It is particularly important that you attend to the questions the reviewers raised about interpretations/utility. Reviewer 1 argues that, as it stands, the paper provides no insight into visual processing, since similar clusters are derived from resting state activity and no information is given on the signatures of visual responses of different areas. Reviewer 3 made a similar comment, noting that you suggest that each visual area has distinct response signatures, but don't really provide much insight into the nature of those signatures, particularly given that the classifiers can separate these visual areas using just 10 minutes of resting state activity. You should be very sure to address these fundamental concerns regarding interpretation and utility of the study.

We cannot make any decision about publication until we have seen the revised manuscript and your response to the reviewers' comments. Your revised manuscript is also likely to be sent to reviewers for further evaluation.

When you are ready to resubmit, please upload the following:

[1] A letter containing a detailed list of your responses to the review comments and a description of the changes you have made in the manuscript. Please note while forming your response, if your article is accepted, you may have the opportunity to make the peer review history publicly available. The record will include editor decision letters (with reviews) and your responses to reviewer comments. If eligible, we will contact you to opt in or out.

[2] Two versions of the revised manuscript: one with either highlights or tracked changes denoting where the text has been changed; the other a clean version (uploaded as the manuscript file).

Important additional instructions are given below your reviewer comments.

Please prepare and submit your revised manuscript within 60 days. If you anticipate any delay, please let us know the expected resubmission date by replying to this email. Please note that revised manuscripts received after the 60-day due date may require evaluation and peer review similar to newly submitted manuscripts.

Thank you again for your submission. We hope that our editorial process has been constructive so far, and we welcome your feedback at any time. Please don't hesitate to contact us if you have any questions or comments.

Sincerely,

Blake A. Richards

Associate Editor

PLOS Computational Biology

Lyle Graham

Deputy Editor

PLOS Computational Biology

***********************

It is particularly important that you attend to the questions the reviewers raised about interpretations. Reviewer 1 argues that, as it stands, the paper provides no insight into visual processing, since similar clusters are derived from resting state activity and no information is given on the signatures of visual responses of different areas. Reviewer 3 made a similar comment, noting that you suggest that each visual area has distinct response signatures, but don't really provide much insight into the nature of those signatures, particularly given that the classifiers can separate these visual areas using just 10 minutes of resting state activity. You should be very sure to address these fundamental concerns regarding interpretation and utility of the study.
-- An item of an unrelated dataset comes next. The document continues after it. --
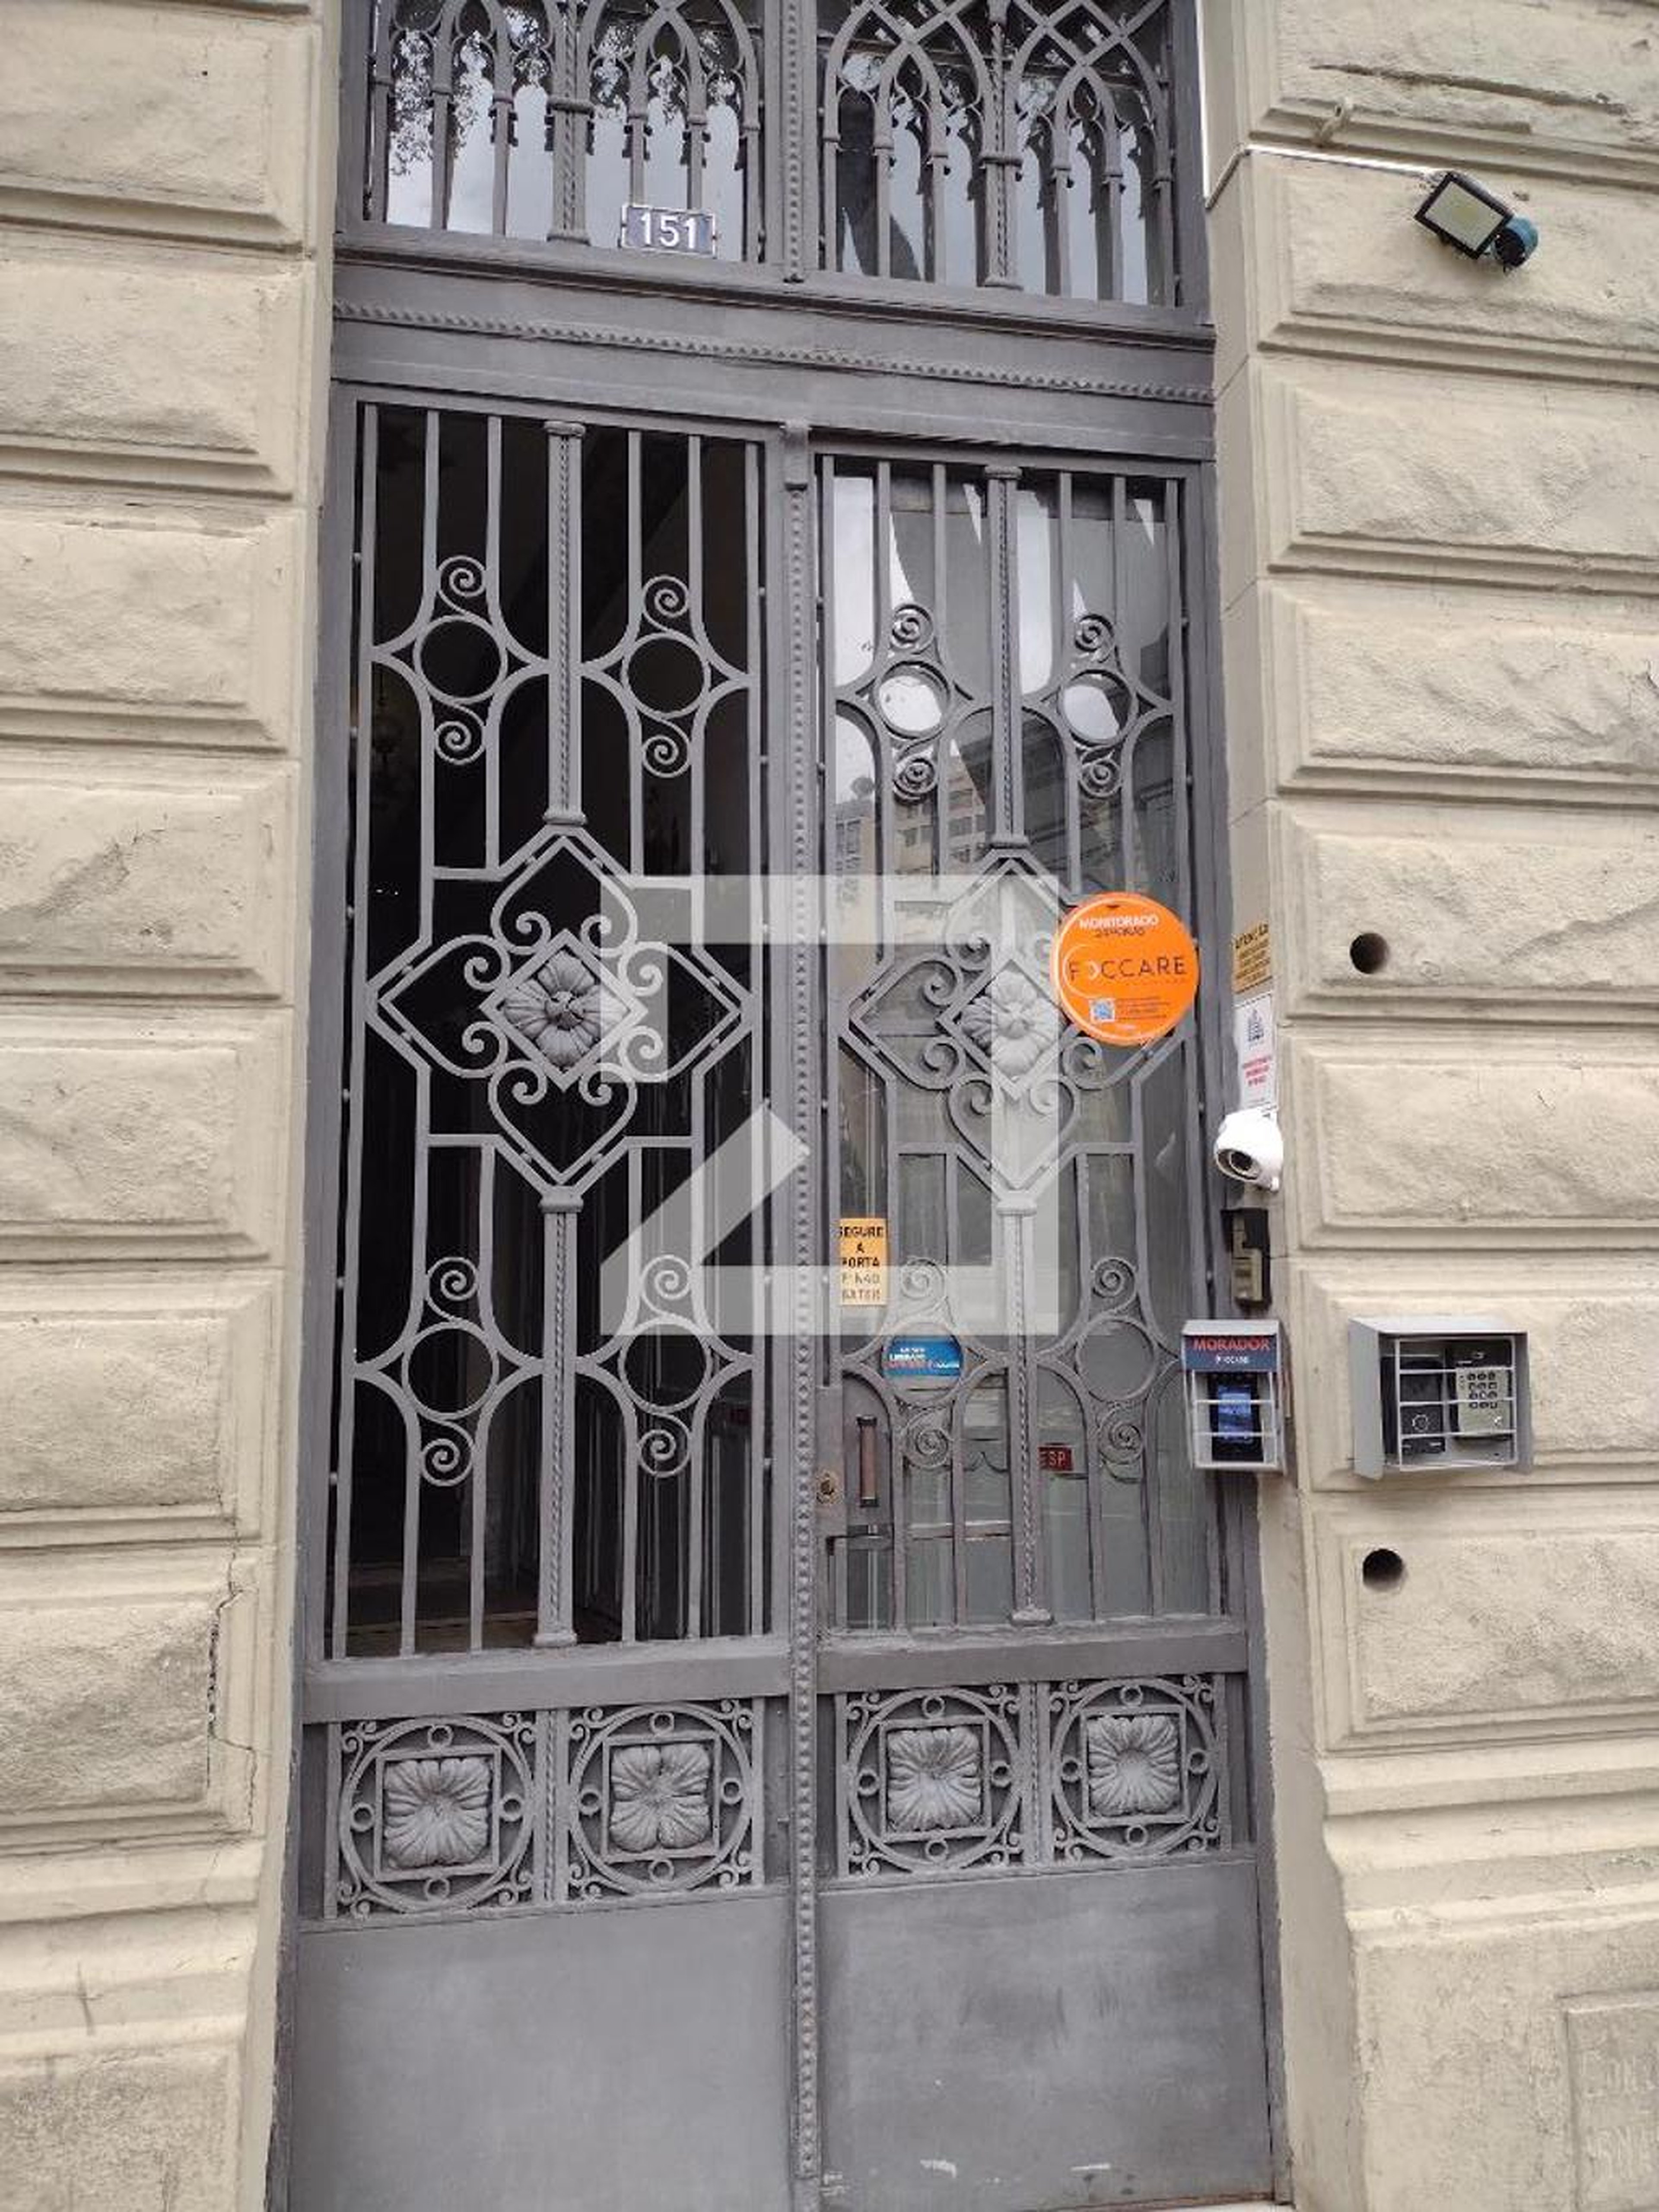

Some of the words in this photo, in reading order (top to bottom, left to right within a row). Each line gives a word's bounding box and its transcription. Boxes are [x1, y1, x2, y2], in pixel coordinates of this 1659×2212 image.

[641, 212, 696, 248] 151
[842, 1257, 880, 1268] PORTA
[1193, 1337, 1270, 1351] MORADOR
Reviewer's Responses to Questions

Comments to the Authors:

Please note here if the review is uploaded as an attachment.
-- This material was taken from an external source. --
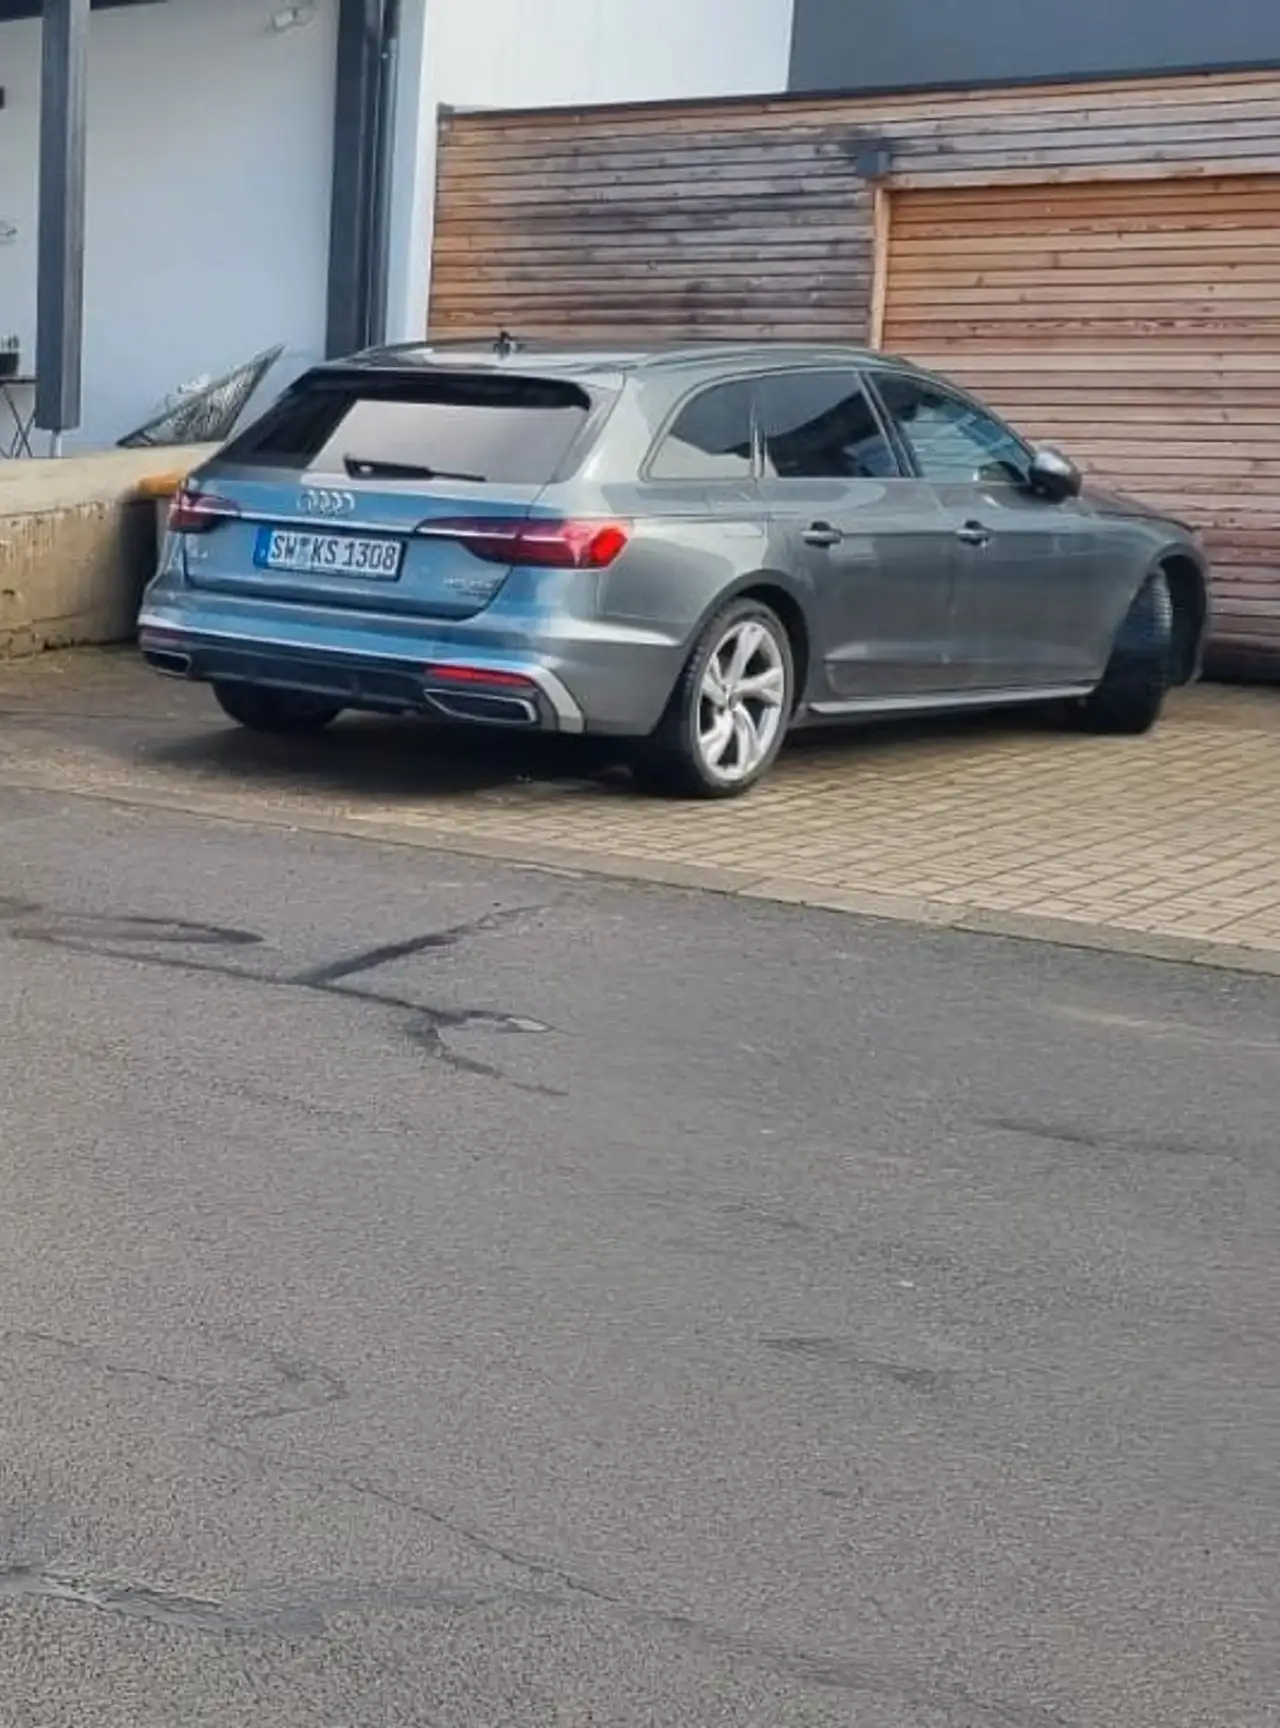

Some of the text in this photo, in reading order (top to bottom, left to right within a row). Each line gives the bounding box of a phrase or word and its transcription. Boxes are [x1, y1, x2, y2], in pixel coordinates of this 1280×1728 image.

[271, 535, 396, 571] SW KS 1308
Reviewer #1: Kumar et al. studied wide-field GCaMP signals in 6 cortical visual areas in the mouse. Pixels clustered into 6 groups with boundaries that match retinotopic borders, indicating that each visual area is distinct. Unfortunately, what causes these areas to cluster is unknown. With no information on the basis of clustering it’s difficult to assign significance to the clusters. Furthermore, the distinguishing feature is not related to visual stimuli since the same clusters were derived from spontaneous activity, suggesting that the clusters contain no information about the roles of these areas in processing visual information. In short, the paper reports an observation – that pixels cluster – but doesn’t explain why. The observation would appear to have little significance.

Specific comments

(1) The paper’s littered with sentences that appear disconnected from the results and conclusions. I’ll give two examples. The second sentence of the abstract reads: ‘The extent to which these areas represent discrete processing regions remains unclear.’ The paper brings no clarity. Why suggest the study is of visual processing? And in the results ‘These results indicate that each visual area has a characteristic signature that is represented in the responses to visual stimuli presented and can be revealed with a variety of visual stimuli.’ What signature? Information on this signature is conspicuously missing. And about the only thing we know is that the signature’s not related to presented visual stimuli. This sentence is comprehensively at odds with the results.
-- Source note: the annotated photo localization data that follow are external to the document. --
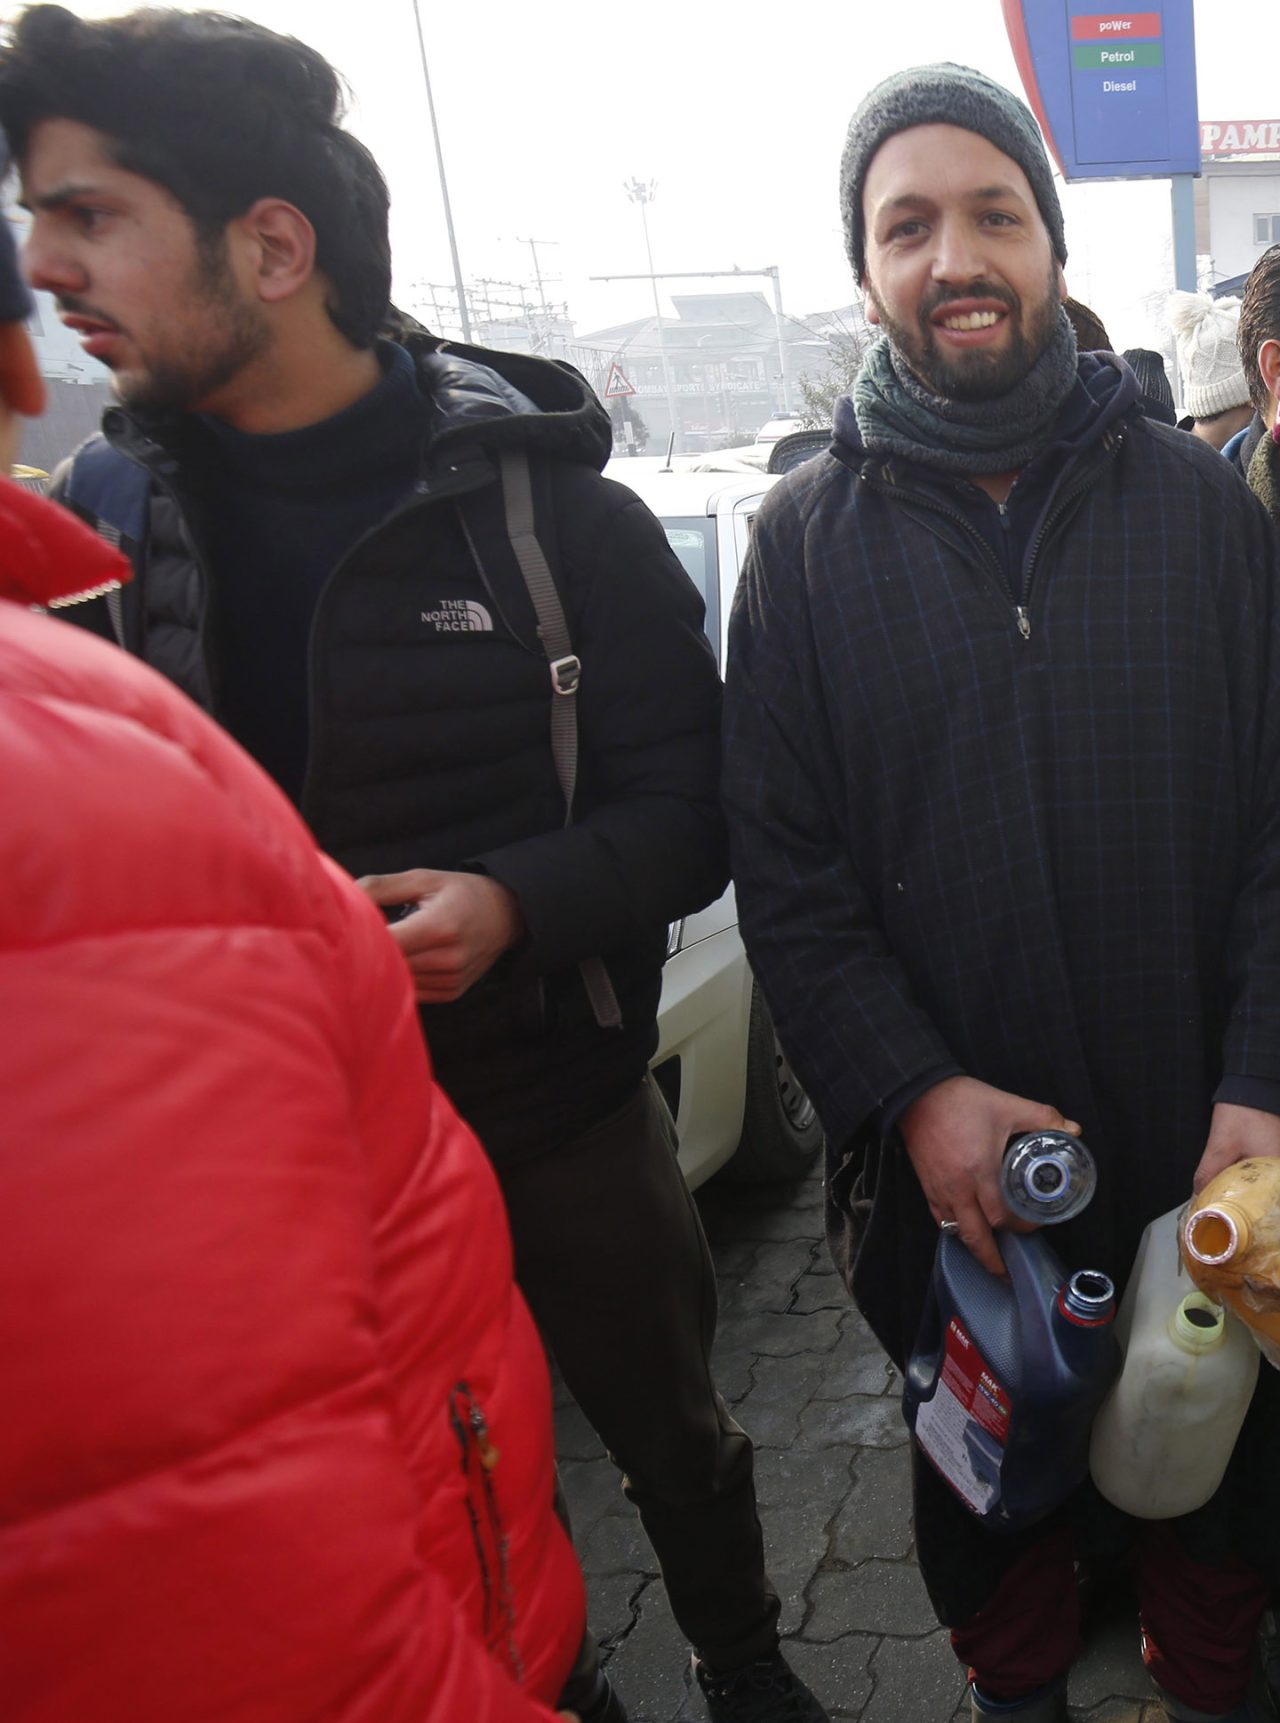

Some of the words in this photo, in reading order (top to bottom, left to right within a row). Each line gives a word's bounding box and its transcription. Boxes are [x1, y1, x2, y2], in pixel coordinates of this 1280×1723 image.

[1100, 50, 1135, 63] Petrol
[1102, 80, 1136, 92] Diesel
[440, 600, 466, 610] THE
[421, 610, 467, 623] NORTH
[435, 621, 469, 632] FACE
[980, 1371, 1000, 1393] MAK
The text frequently suggests the paper will be about the different visual stimuli that drive these visual areas, but there’s no information here on this topic. My sense is that the study didn’t lead in the direction the authors had expected. If so, it would be best to let go of the intended direction of the project and address what they can with the results. In particular, the aim and conclusions need to be clear and clearly related to the results.

(2) 1.1.1 What is the genotype of the transgenic GCaMP mice? Also, the breeding scheme.

(3) What’s the eye-to-screen distance and visual angle subtended by the monitor.

(4) What was the size (in degrees) of the visual stimuli?

(5) Figure 1D. Why does the field sign map appear so patchy? It’s different from the maps produced by others with wide-field GCaMP imaging. See for example Zhuang et al. eLife 2017. I would guess perhaps the SNR of the retinotopic maps are poor?

(6) ‘The boundaries of the 6 core visual areas were defined according to criteria described in [9]’ This statement is conspicuously untrue. If the authors intended to replicate the field sign mapping technique of Garrett et al., they have failed. In Garrett et al. the borders are, by definition, where the field sign crosses zero. In figure 1D, the borders are not at zero. Many, perhaps all the borders are at some negative field sign value. The authors need to take a closer look at their code. They also need to provide a more detailed explanation of their mapping procedure and, ideally, the code.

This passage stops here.